Money is nice for attracting a certain breed of woman. But women are strange and it won't lure them all. I think the "not all women are like that" crowd are overly simplifying a very complicated topic and need to listen to Joe Jackson's "Is She Really Going Out With Him?" for a reality check.
DoBA, so what does the data sheet re: meeting one of these college bookworms look like?
I don't understand the question. I met these girls in college. They disappeared pretty early on. It was a long time ago.
The best I can do is recommend the following to college guys: Go out of your way to look at the girls who are otherwise invisible to you. The ones who are cute but not overtly sexy. The ones who are friendly but shy. The ones who wear sweaters that look like grandma bought them. The ones in the library Thursday nights when you're at the kegger. The ones on the all-girls floor of the dorm.
A lot of these are your best long-term bets. Girls who look immature and undevloped in college stay looking young. And girls who don't date much don't end up tainted by an endless parade of guys.

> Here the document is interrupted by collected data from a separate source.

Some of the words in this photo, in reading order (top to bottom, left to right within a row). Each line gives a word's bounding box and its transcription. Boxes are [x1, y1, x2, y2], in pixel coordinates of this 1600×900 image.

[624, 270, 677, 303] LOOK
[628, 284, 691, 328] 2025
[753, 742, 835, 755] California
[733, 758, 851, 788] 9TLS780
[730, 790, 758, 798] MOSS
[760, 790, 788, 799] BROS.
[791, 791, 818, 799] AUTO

I didn't see it this way in college. I wanted the hot, popular girls and was embarrassed whenever the un-stylish, bookish girls used to come talk to me. I used to think: "I'm not gonna date a virgin! They have no experience, plus if I take their cherry, they'll never leave me alone."

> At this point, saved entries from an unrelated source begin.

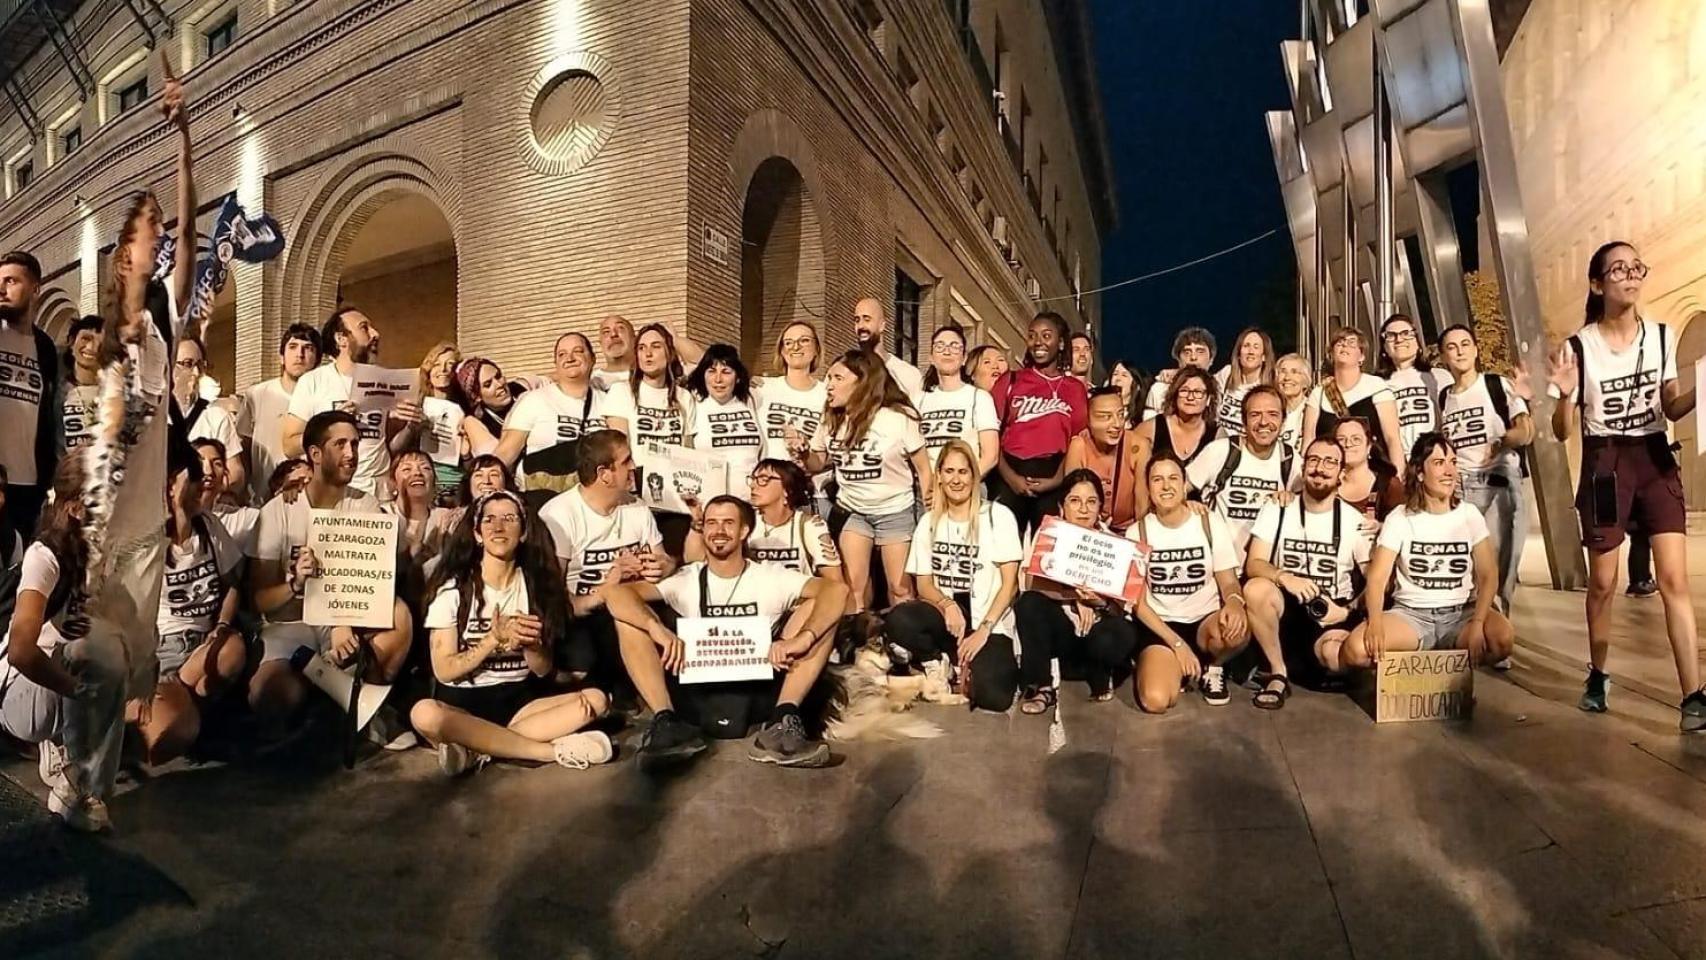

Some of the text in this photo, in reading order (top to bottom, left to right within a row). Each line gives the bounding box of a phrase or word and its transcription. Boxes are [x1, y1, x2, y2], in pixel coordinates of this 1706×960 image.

[1602, 372, 1657, 392] ZONAS
[1011, 395, 1072, 422] Miller
[710, 411, 751, 421] ZONAS
[1446, 408, 1482, 424] ONAS
[1231, 477, 1277, 489] ZONAS
[313, 516, 393, 530] AYUNTAMIENTO
[318, 533, 386, 546] DE ZARAGOZA
[1093, 539, 1113, 549] ocio
[1285, 540, 1336, 553] ZONAS
[1412, 543, 1468, 554] ZONAS
[324, 550, 377, 561] MALTRATA
[586, 552, 618, 562] ZON
[757, 550, 797, 559] ONAS
[1104, 552, 1116, 560] un
[1151, 549, 1203, 561] ZONAS
[314, 567, 393, 580] DUCADORAS/ES
[1065, 568, 1112, 586] DERECHO
[324, 584, 375, 595] DE ZONAS
[327, 599, 369, 610] JÓVENES
[708, 626, 719, 637] SÍ
[697, 647, 746, 656] DETECCIÓN
[1409, 691, 1463, 720] EDUCAT
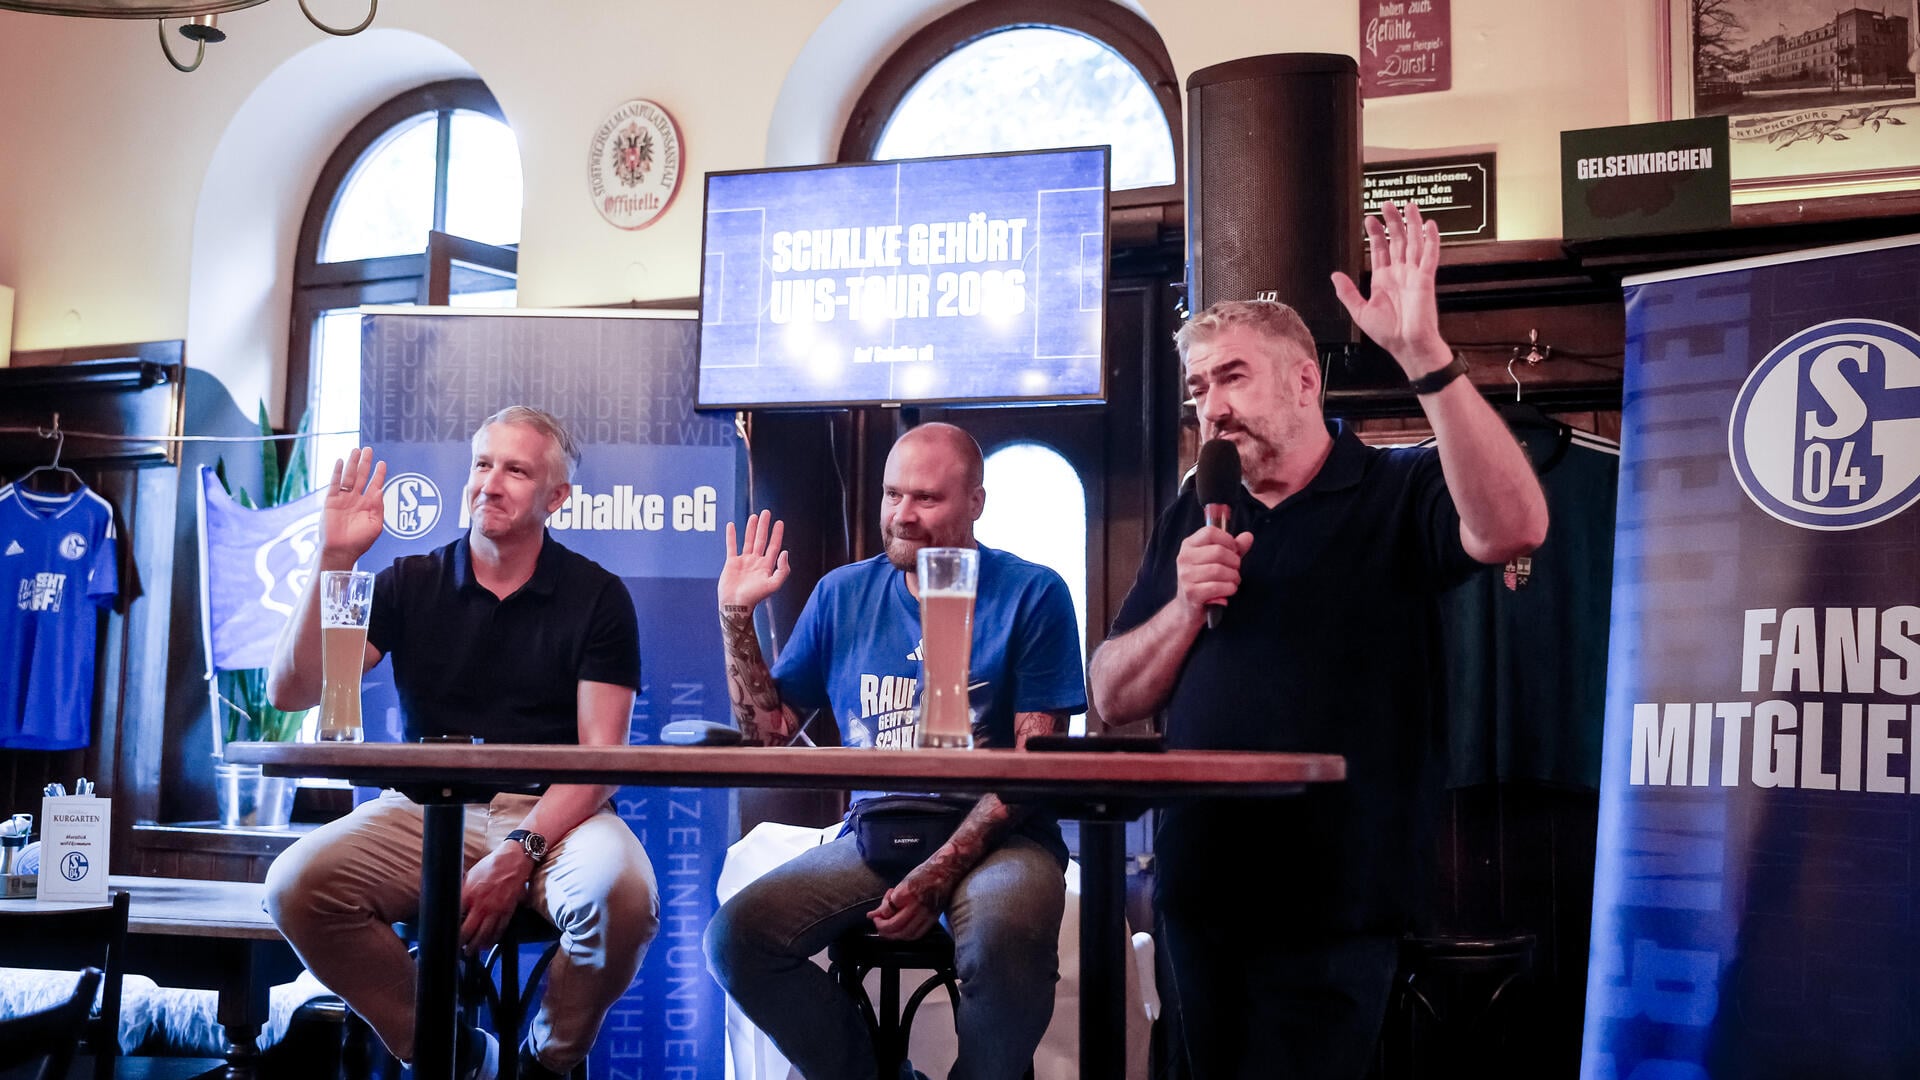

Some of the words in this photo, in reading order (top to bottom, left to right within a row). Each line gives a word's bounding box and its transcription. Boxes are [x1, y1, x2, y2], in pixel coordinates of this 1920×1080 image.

[1378, 175, 1404, 187] zwei
[1405, 172, 1472, 184] Situationen,
[1577, 147, 1713, 181] GELSENKIRCHEN
[1417, 186, 1429, 195] in
[1430, 184, 1452, 194] den
[771, 224, 903, 273] SCHALKE
[907, 211, 1028, 266] GEHÖRT
[769, 274, 931, 325] UNS-TOUR
[546, 484, 665, 531] chalke
[672, 485, 717, 532] eG
[1740, 605, 1920, 696] FANS
[860, 674, 918, 719] RAUF
[878, 709, 914, 731] GEHT'S
[1629, 700, 1920, 794] MITGLIE
[53, 814, 100, 823] KURGARTEN

But what seemed like innovative thinking at 20 came to look like a mistake by the time I turned 35 and now feels like brainless, youthful stupidity on my part.
If this sounds familiar, it's because I'm repeating myself. I've written all this before. I think the best essay I wrote on this was in a post based around Roosh's list of qualities to look for in a wife.
In college I was real quick to complain whenever I felt neglected. But like a fool, I failed to see all the good catches I myself passed up...until I saw what became of them when I got on Facebook 20 years later. They still looked good and all were in stable marriages. Meanwhile the "hottt girls" I chased did me no good in the end.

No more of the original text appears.